Information:
•••

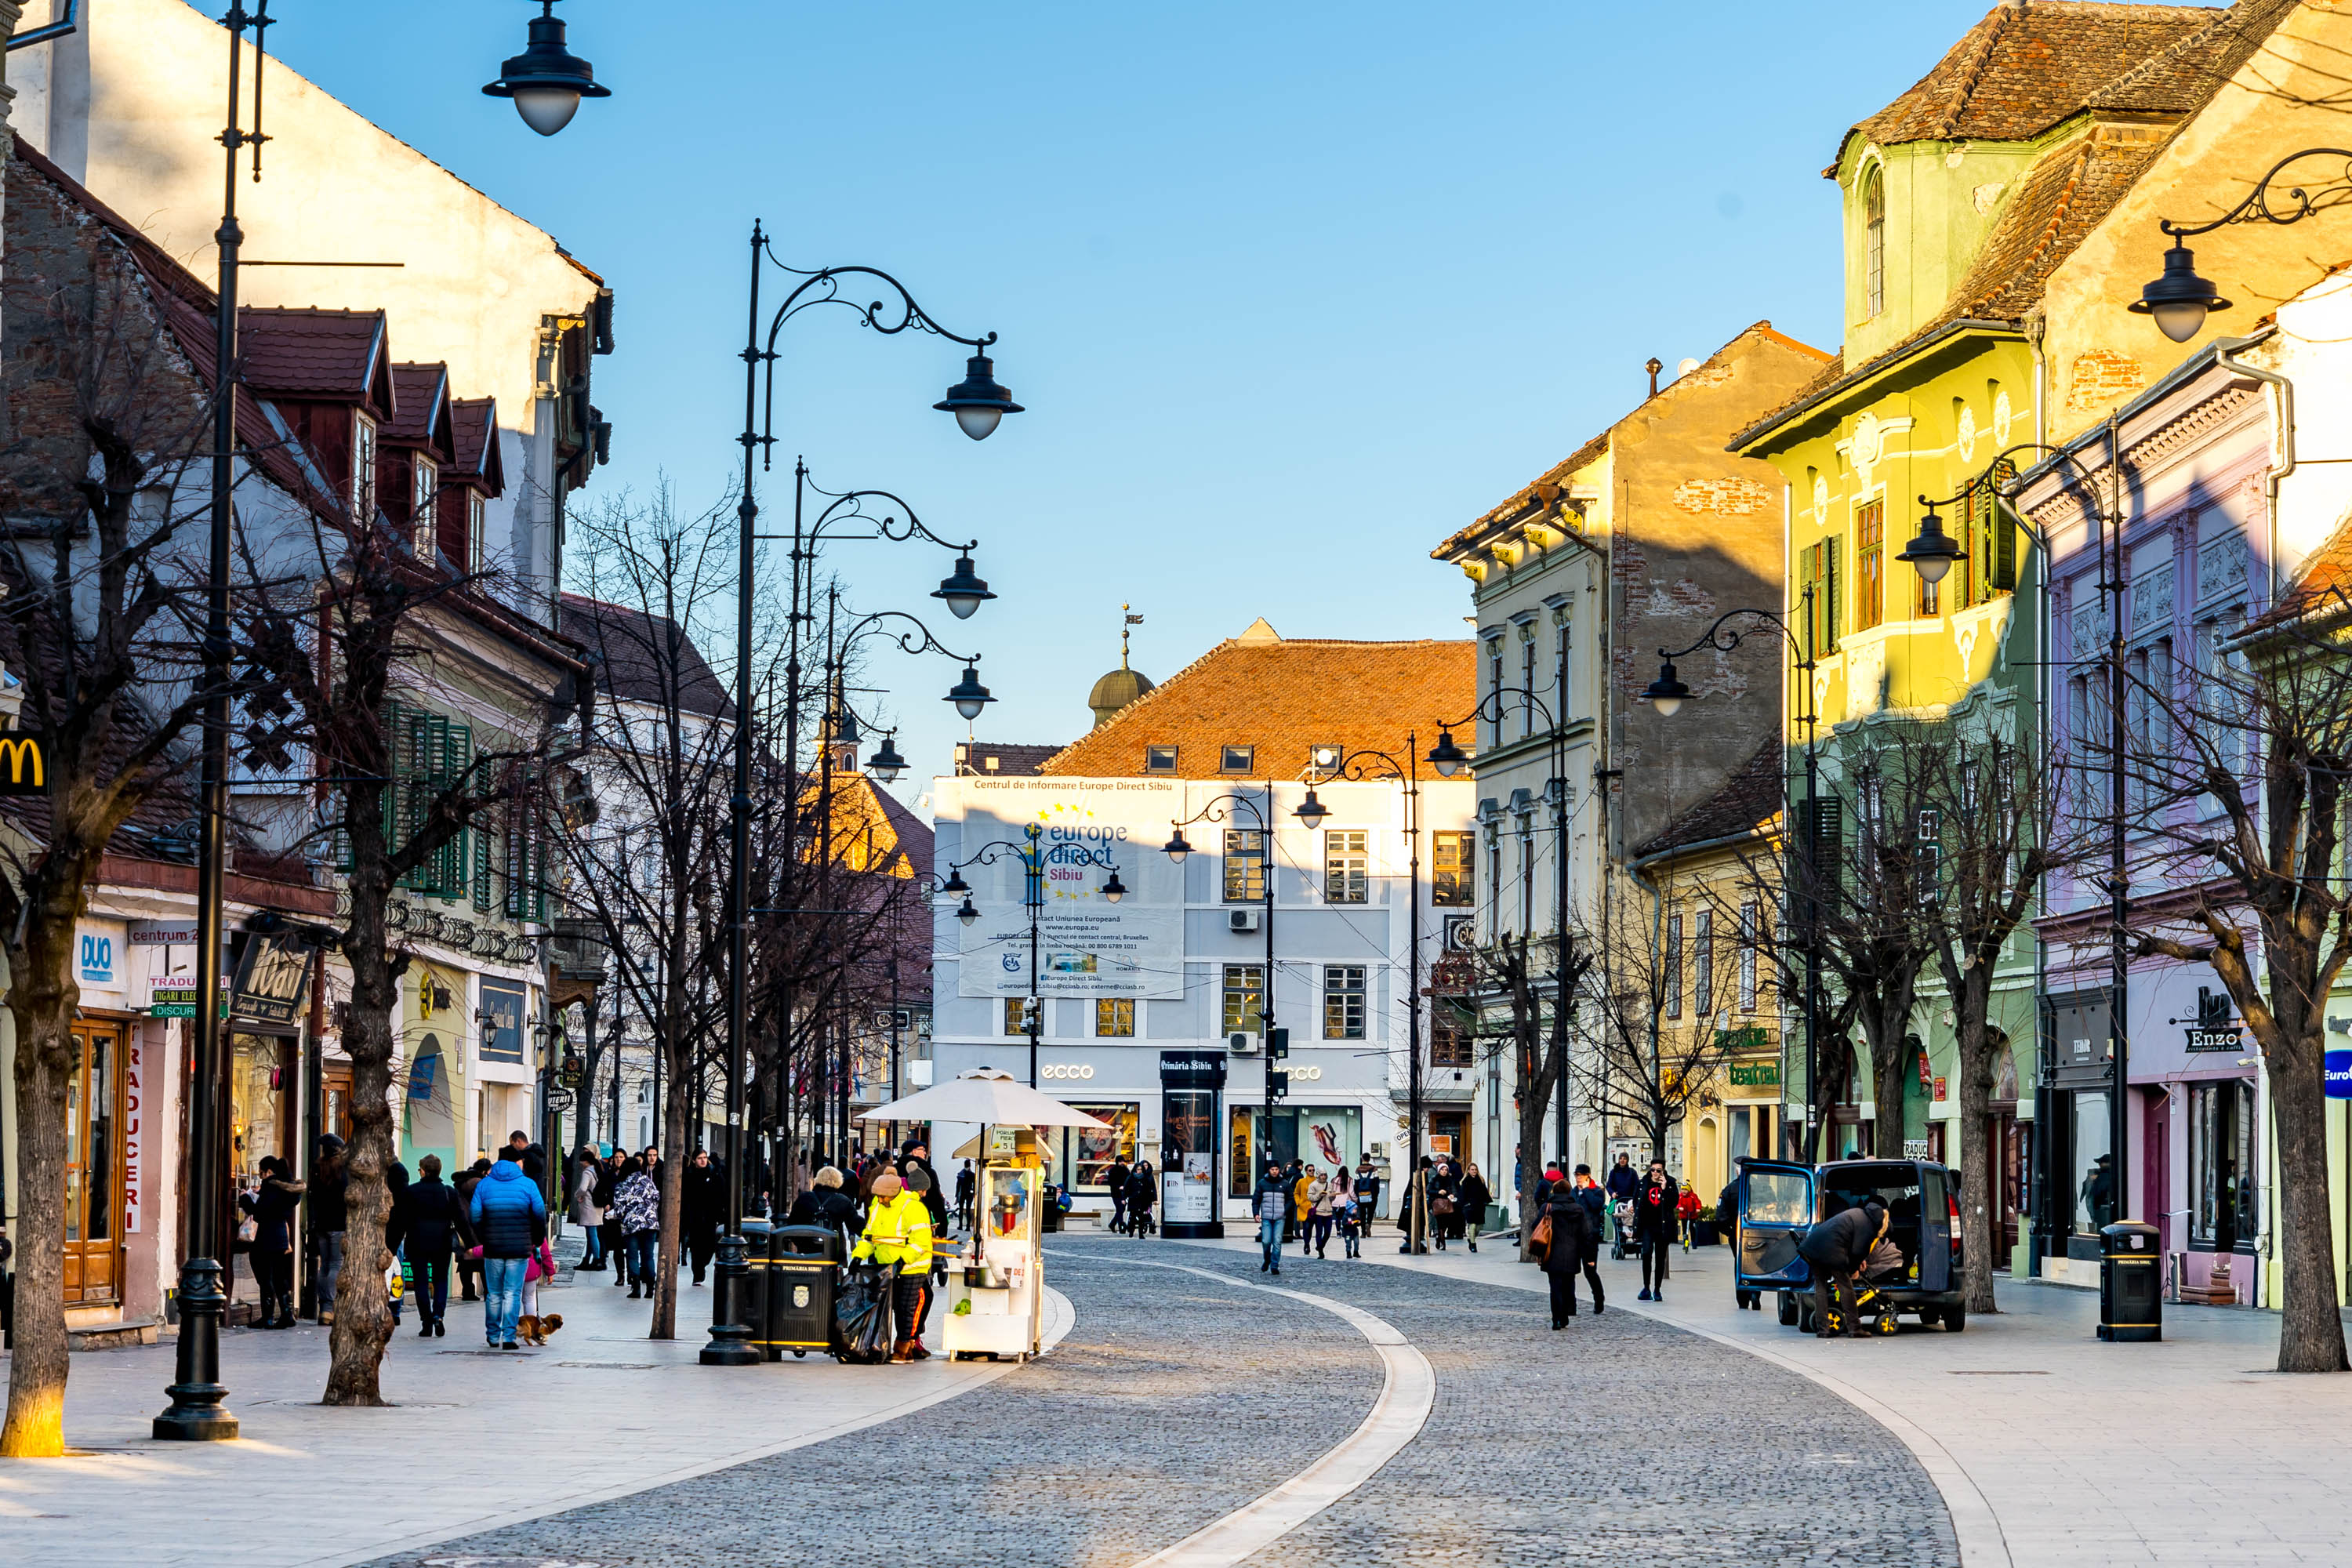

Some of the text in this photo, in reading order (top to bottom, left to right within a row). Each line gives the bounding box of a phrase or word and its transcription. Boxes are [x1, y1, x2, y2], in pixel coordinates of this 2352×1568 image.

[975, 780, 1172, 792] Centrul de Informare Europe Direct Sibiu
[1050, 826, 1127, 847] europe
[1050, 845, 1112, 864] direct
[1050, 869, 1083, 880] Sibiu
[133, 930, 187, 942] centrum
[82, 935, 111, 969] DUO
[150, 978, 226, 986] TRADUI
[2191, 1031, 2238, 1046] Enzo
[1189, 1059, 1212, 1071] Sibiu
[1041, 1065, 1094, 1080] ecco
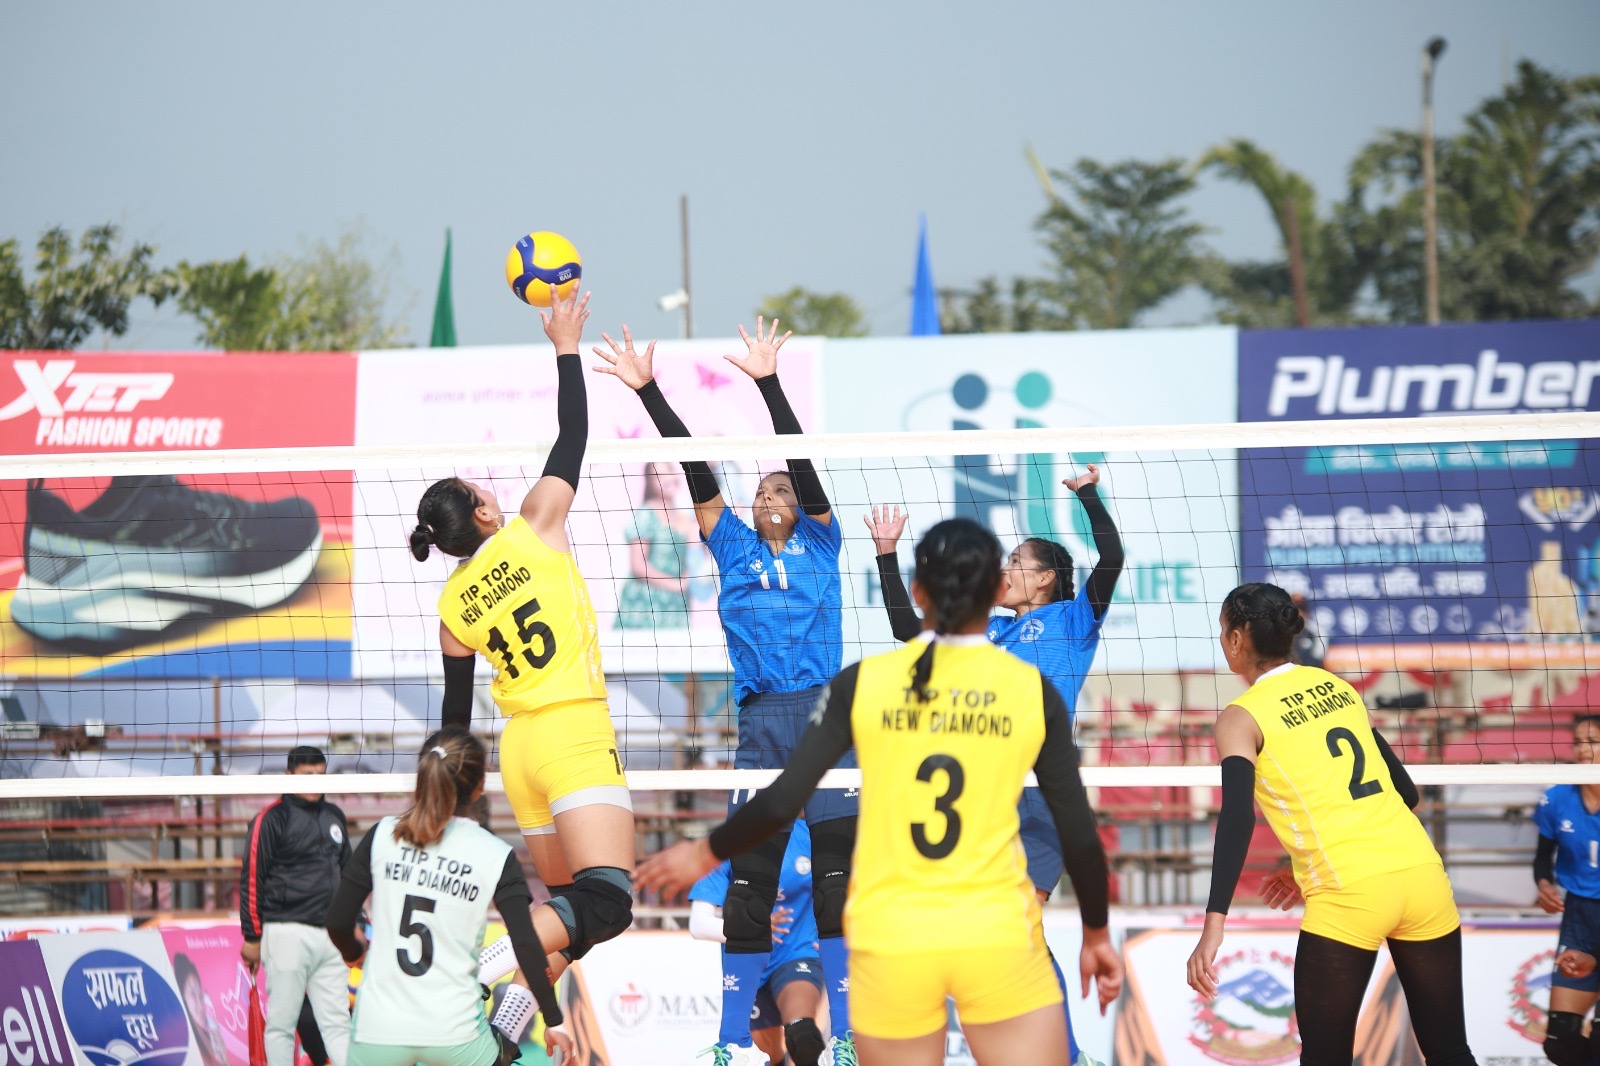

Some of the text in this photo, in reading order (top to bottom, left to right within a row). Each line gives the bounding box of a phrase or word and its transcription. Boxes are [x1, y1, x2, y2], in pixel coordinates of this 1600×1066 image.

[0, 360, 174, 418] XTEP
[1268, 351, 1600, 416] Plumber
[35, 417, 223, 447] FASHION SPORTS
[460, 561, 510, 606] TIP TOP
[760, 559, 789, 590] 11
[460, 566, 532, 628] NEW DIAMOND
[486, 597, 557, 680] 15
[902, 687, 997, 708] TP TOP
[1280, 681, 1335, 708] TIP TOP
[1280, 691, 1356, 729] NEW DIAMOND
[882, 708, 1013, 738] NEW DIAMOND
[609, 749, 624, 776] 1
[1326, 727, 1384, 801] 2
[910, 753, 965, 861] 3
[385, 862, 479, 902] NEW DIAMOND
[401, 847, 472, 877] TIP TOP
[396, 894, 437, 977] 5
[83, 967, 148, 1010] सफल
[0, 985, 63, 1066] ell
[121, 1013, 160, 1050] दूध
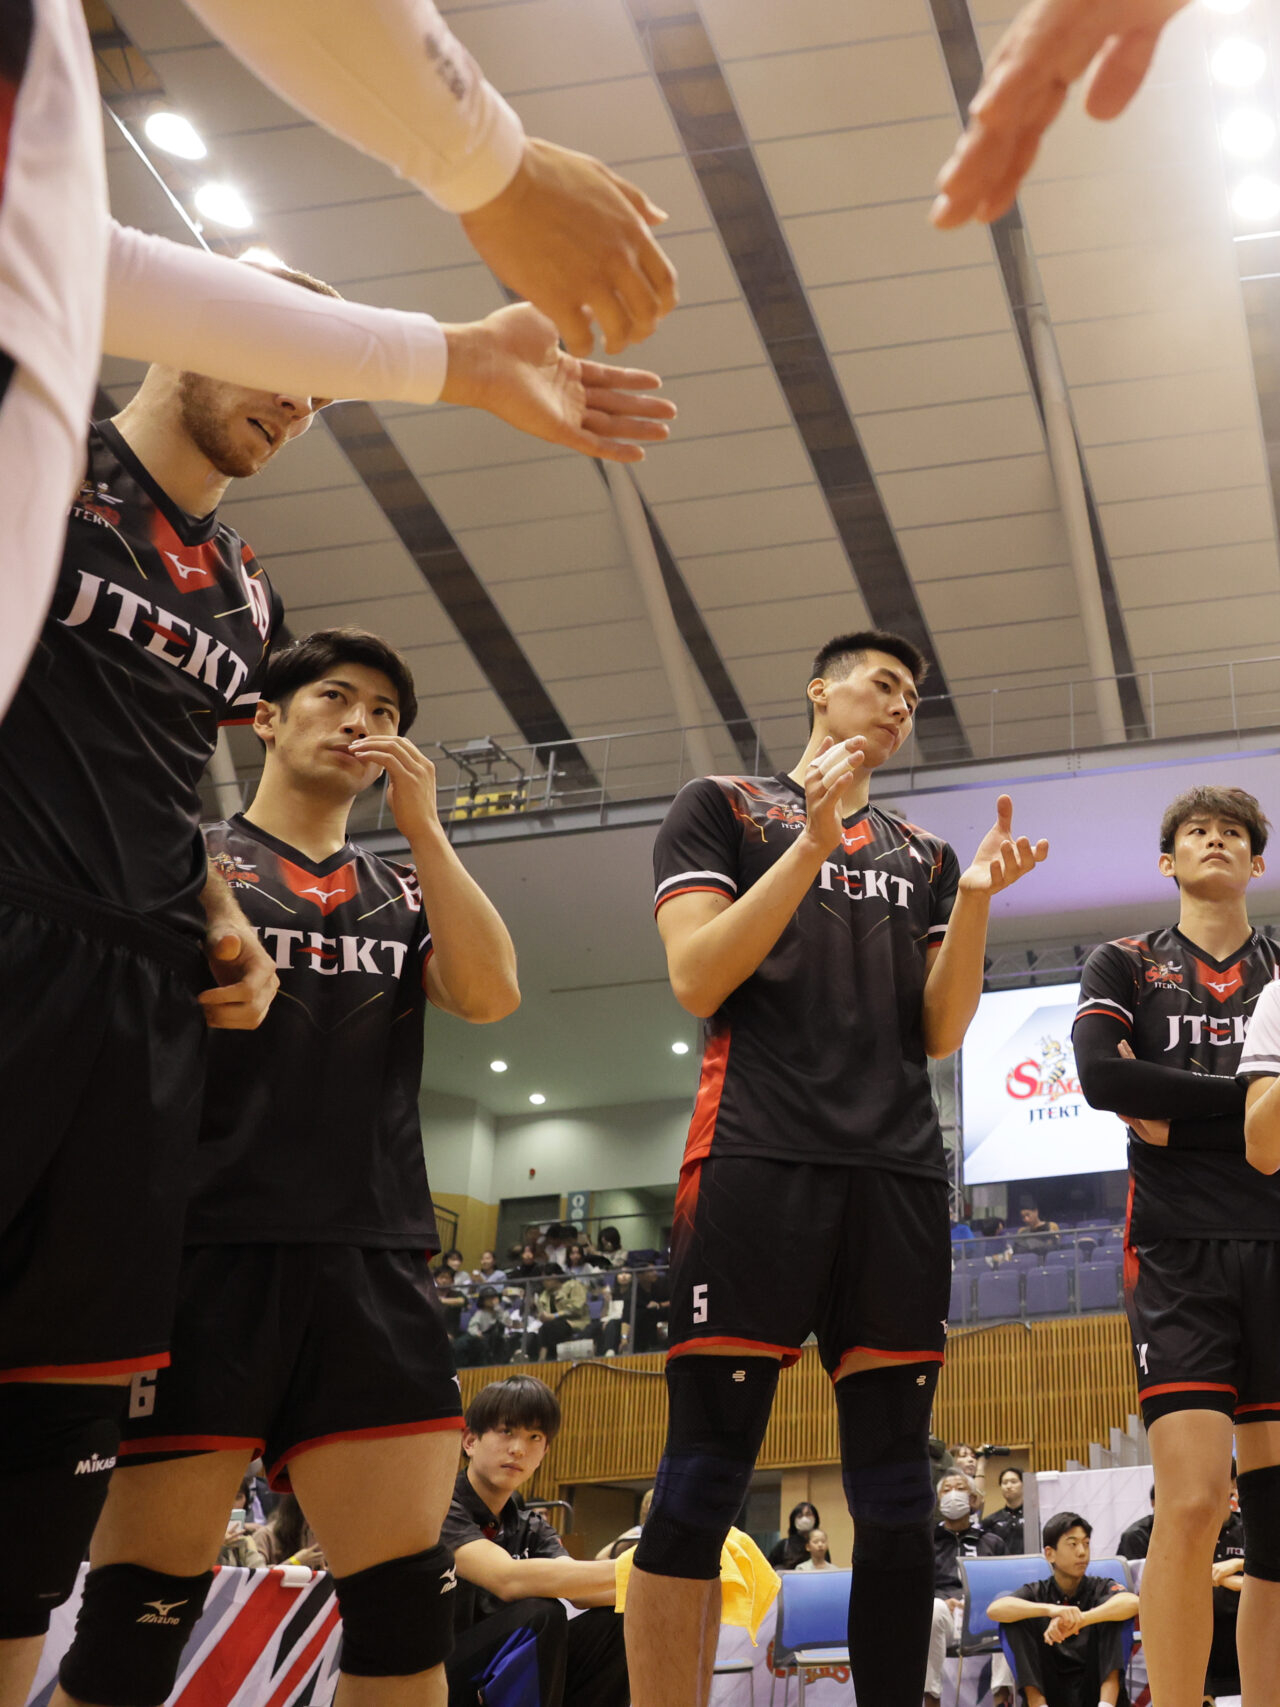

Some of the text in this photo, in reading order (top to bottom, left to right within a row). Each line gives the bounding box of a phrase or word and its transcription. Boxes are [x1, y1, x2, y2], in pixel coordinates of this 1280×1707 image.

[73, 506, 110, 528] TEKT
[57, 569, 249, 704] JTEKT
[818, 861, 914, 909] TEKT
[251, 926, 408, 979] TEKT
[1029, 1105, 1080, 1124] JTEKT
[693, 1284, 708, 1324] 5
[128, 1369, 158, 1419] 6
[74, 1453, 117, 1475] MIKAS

•••

Task prompt: In the listing above, the line with "this 1280×1707 image." starts the part to copy. Copy it through the last line exactly, with nothing else.

Output of the exercise:
Some of the text in this photo, in reading order (top to bottom, left to right within a row). Each line gives the bounding box of a phrase or word and its transcription. Boxes are [x1, y1, x2, y2], in pixel coordinates of this 1280×1707 image.

[73, 506, 110, 528] TEKT
[57, 569, 249, 704] JTEKT
[818, 861, 914, 909] TEKT
[251, 926, 408, 979] TEKT
[1029, 1105, 1080, 1124] JTEKT
[693, 1284, 708, 1324] 5
[128, 1369, 158, 1419] 6
[74, 1453, 117, 1475] MIKAS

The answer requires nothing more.